I look over my shoulder to see Wilson just outside the bungalow.
Chewing on something.
Oh my god.
He’s chewing on my vibrator.
Shit!
“Hey!” I yell, putting my coffee down and scrambling to my feet, kicking up sand as I go.
I start running after Wilson, who then thinks it’s a game of sorts, and starts running around the bungalow in circles, the vibrator flopping in his mouth.
Everyone is falling over themselves, laughing, but I’m determined to get that thing back. It was expensive as hell and when you find a good one, you hang onto it.
“Daisy!” Tai yells, voice breaking up as he laughs. “Daisy, you don’t need it that badly. Let it go!”
I mean, he’s right. I have Tai.
For now.
And I have better standards than using a vibrator that a goat chewed on.
I stop, catching my breath, and Wilson joyfully runs off into the jungle, bleating in victory.
“Enjoy it, you pervert!” I yell after him.
Then I return to the beach, knowing how much I’m going red. Tomato Zone Four, maybe.
“Why Daisy, I’m not sure where your face ends and your hair begins,” Tai jokes.
“Yes, you’re very red,” Richard explains bluntly, as if I didn’t get it.
“I have to say, I didn’t think Wilson had it in him,” Fred muses. “Usually such a polite goat.”
“Uh huh,” I say, sitting back down and covering my face with my mug. There’s no such thing as a polite goat.
The rest of the morning passes at a slow pace.

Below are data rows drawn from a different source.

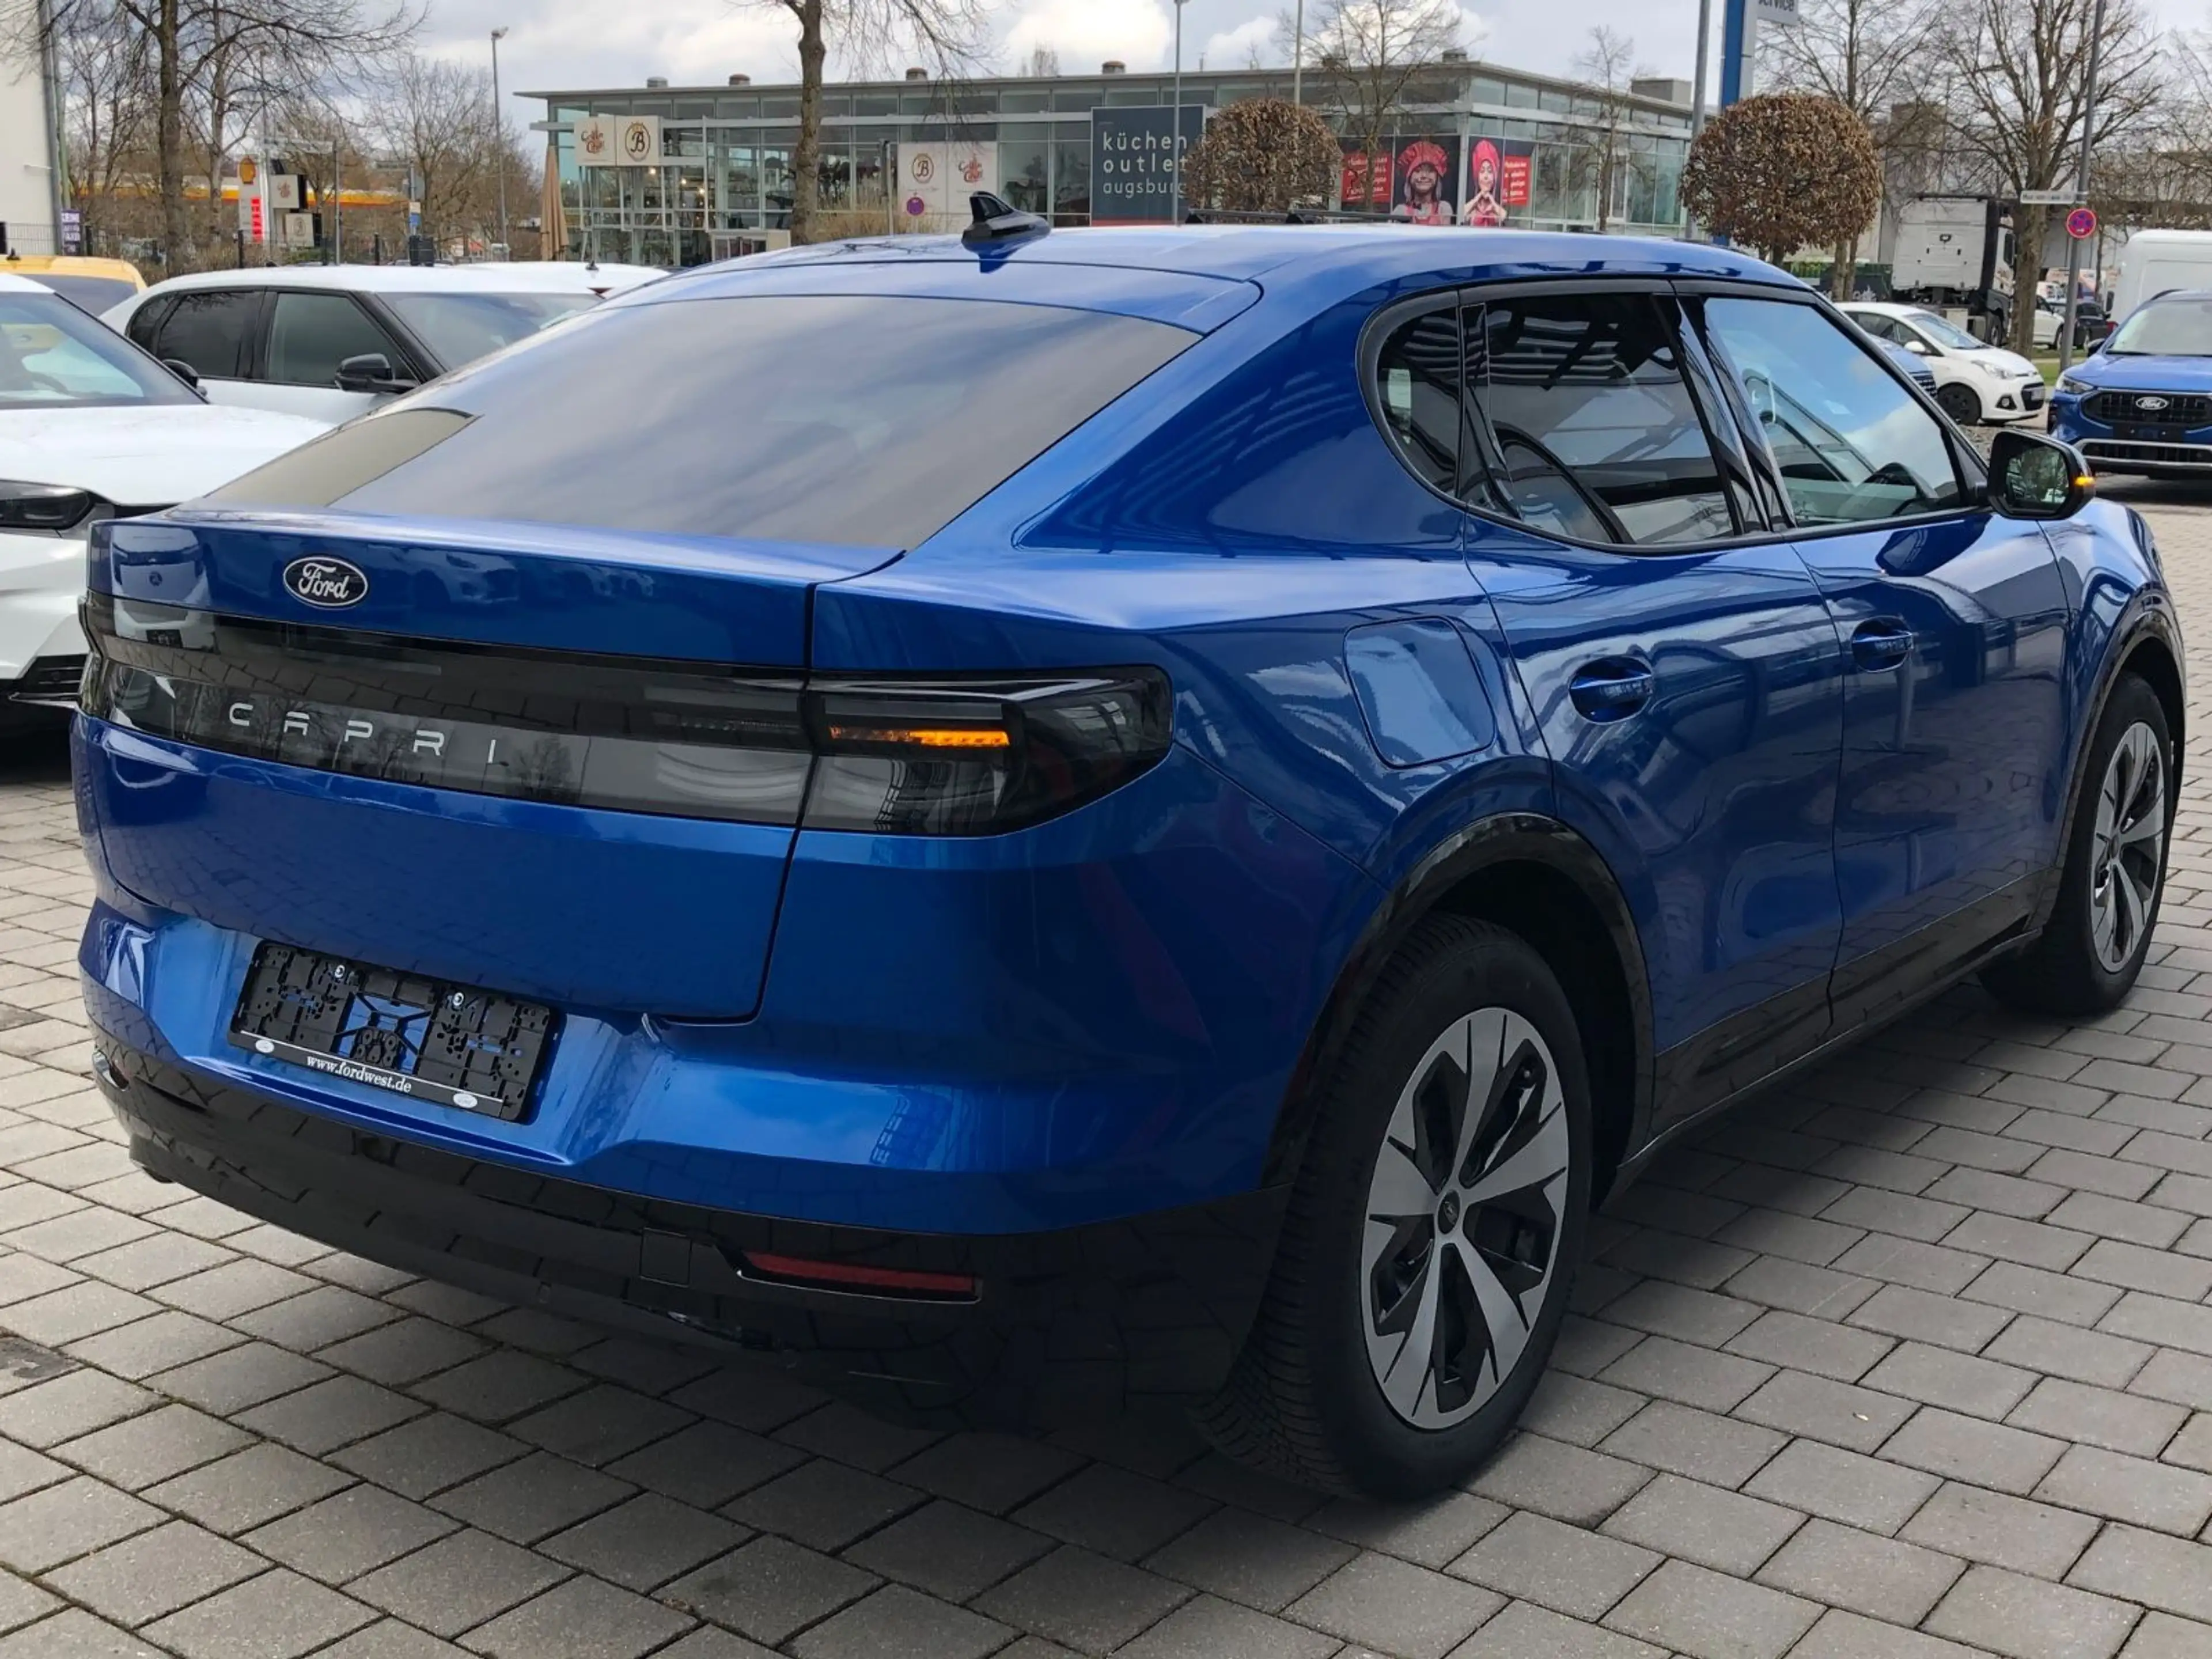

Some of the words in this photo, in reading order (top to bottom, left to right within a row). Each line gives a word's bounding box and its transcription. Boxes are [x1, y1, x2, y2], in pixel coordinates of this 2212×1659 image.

[631, 131, 645, 152] B
[1103, 130, 1187, 150] küchen
[916, 160, 929, 177] B
[1103, 153, 1188, 173] outlet
[298, 562, 350, 599] Ford
[229, 702, 497, 764] CAPRI
[306, 1056, 412, 1093] www.fordwest.de

Oh, the goat and vibrator jokes keep coming from all directions (that’s what she said?), but everyone is taking it easy, and seeming to be in good spirits, despite the excess spirit of last night.
I’m sitting in the sand, reading a book about a mafia princess. Lacey is beside me, scribbling something on a notepad. Tai and Richard are at Tai’s fishing spot, hoping to get lunch. Fred has gone back to his camp to get some more sardines for bait.
Wilson is still MIA.
Hope he didn’t choke on it.
“What are you writing?” I ask Lacey.
She sighs and puts her pen down. “Why?”
“Jeez, testy, testy. Just curious. Can’t a sister be curious?”

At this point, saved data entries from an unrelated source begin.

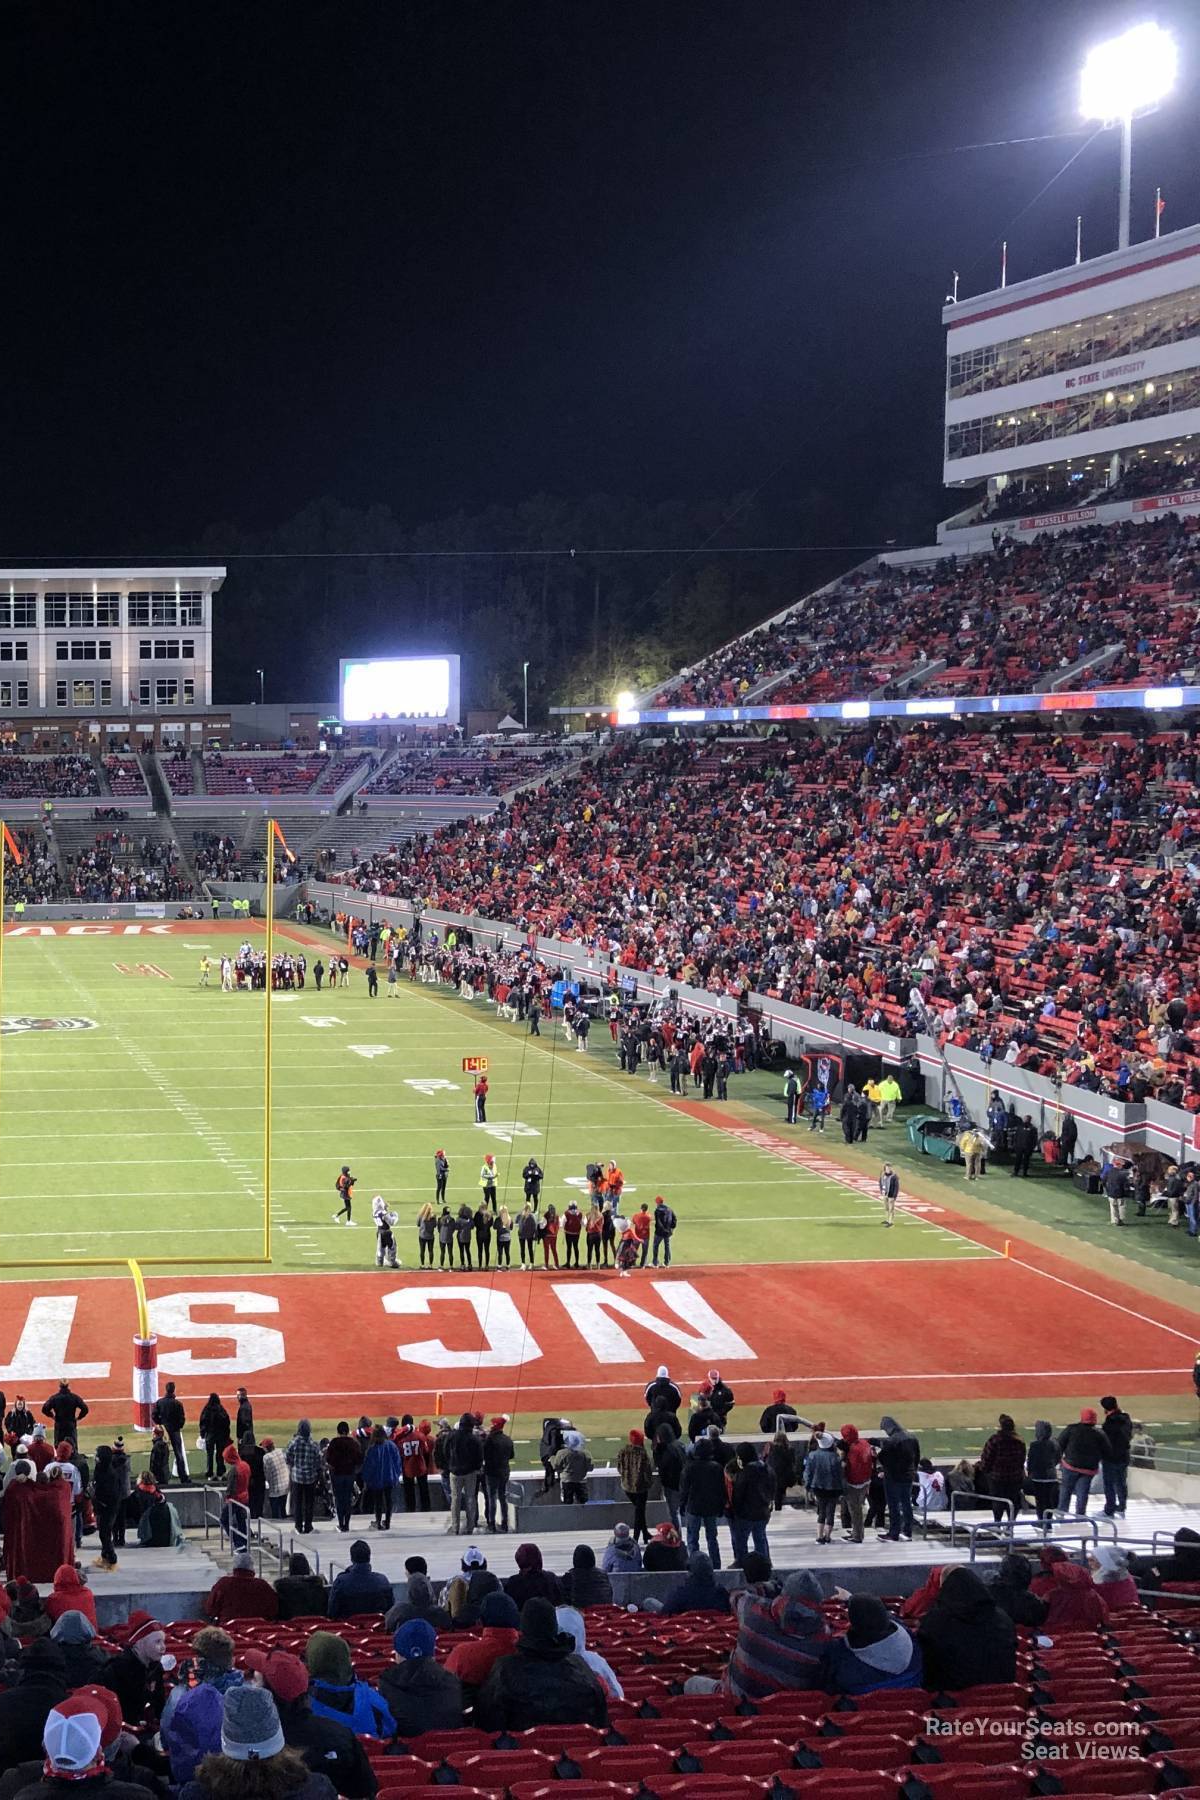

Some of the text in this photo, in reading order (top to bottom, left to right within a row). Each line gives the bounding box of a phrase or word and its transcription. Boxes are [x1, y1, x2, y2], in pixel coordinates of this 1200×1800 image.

[1078, 371, 1100, 386] STATE
[1102, 360, 1146, 380] UNIVERSITY
[1067, 508, 1096, 523] WILSON
[465, 1058, 488, 1071] 1:48
[1108, 1105, 1119, 1119] 23
[381, 1280, 759, 1369] NC
[402, 1440, 420, 1457] 87

“If you must know, I’m documenting our peril.”
“Peril?” I repeat. I gesture to the paradise around us. “How is this peril?”
She frowns. “You know Daisy, sometimes I think you live in a different reality.”
My hackles raise. Here we go again with the whole ‘coasting by’ thing. “I don’t live in another reality. I’m trying to make the best of it.”
“Make the best of it, huh? We all know what that means.”
My brows shoot up. “What does that mean, then?”
“No wonder you don’t mind being stranded in the middle of the Pacific when you’ve got Tai to fuck whenever you want.”
“What!?” I exclaim. “What makes you think that?”
Oh god.
“Oh, come on,” she says. “We all know it.”
“All of you?”
“Yes, Fred told us.”
“What?”
“Well, the goat told him.”
The goat?
“Wilson,” I seethe, as if he’s Newman on Seinfeld.
“It’s so obvious you wanted him from the start. Guess he finally gave in.”
“Okay, fine. Fine.” I raise my palms in surrender. Cats out of the bag. “We’re together. But what difference is it to you?”
“You don’t know him like I know him.”
“Maybe not, maybe I don’t have years of friendship with him, but I know him in my own way and I’m getting to know more of him every single day.” My heart is drumming in my chest as I say this. “Besides, I don’t have to have been friends with him for a long time to know just what kind of man he is. He’s kind, he’s funny, he’s selfless, he’s protective, he’s broken and yet he keeps on going. He’s fucking amazing.”
“Which is why you should stay ten feet away from him,” she snaps. “You’re going to use him and break his heart, just like you’ve always done.”
“Always done?” I cry out.
“You dispose of guys when you’re done with them. Toss them away like they don’t exist. Then you move on like nothing has happened, because to you, nothing has happened.”
“How would you even know that? You’ve never taken any interest in my life!”
“Facebook tells me everything I need to know. In a relationship, single. In a relationship, single. You’re never single for more than a month, it’s like you’re afraid to be alone, you just go from guy to guy and I’ve never seen you once look heartbroken over it.”
“Maybe I’m not the type to profess my feelings all over social media.”
She gives me a steady look. “You’re right. I don’t think I’ve ever seen you post anything negative. Another reason why life is just one fucking lucky happenstance to the next. And why nearly losing your life in a shipwreck doesn’t seem to have any impact on you.”
“Doesn’t have an impact on me?” I repeat. “This has been hard for me, too. But maybe, just maybe, I’m looking on the bright side, which is that we are getting rescued tomorrow. There’s an end in sight to this. Maybe I’d lose my motherfucking mind if I stayed one more day here, but that’s not happening, okay? And maybe it wouldn’t hurt you to be happy about that, too.”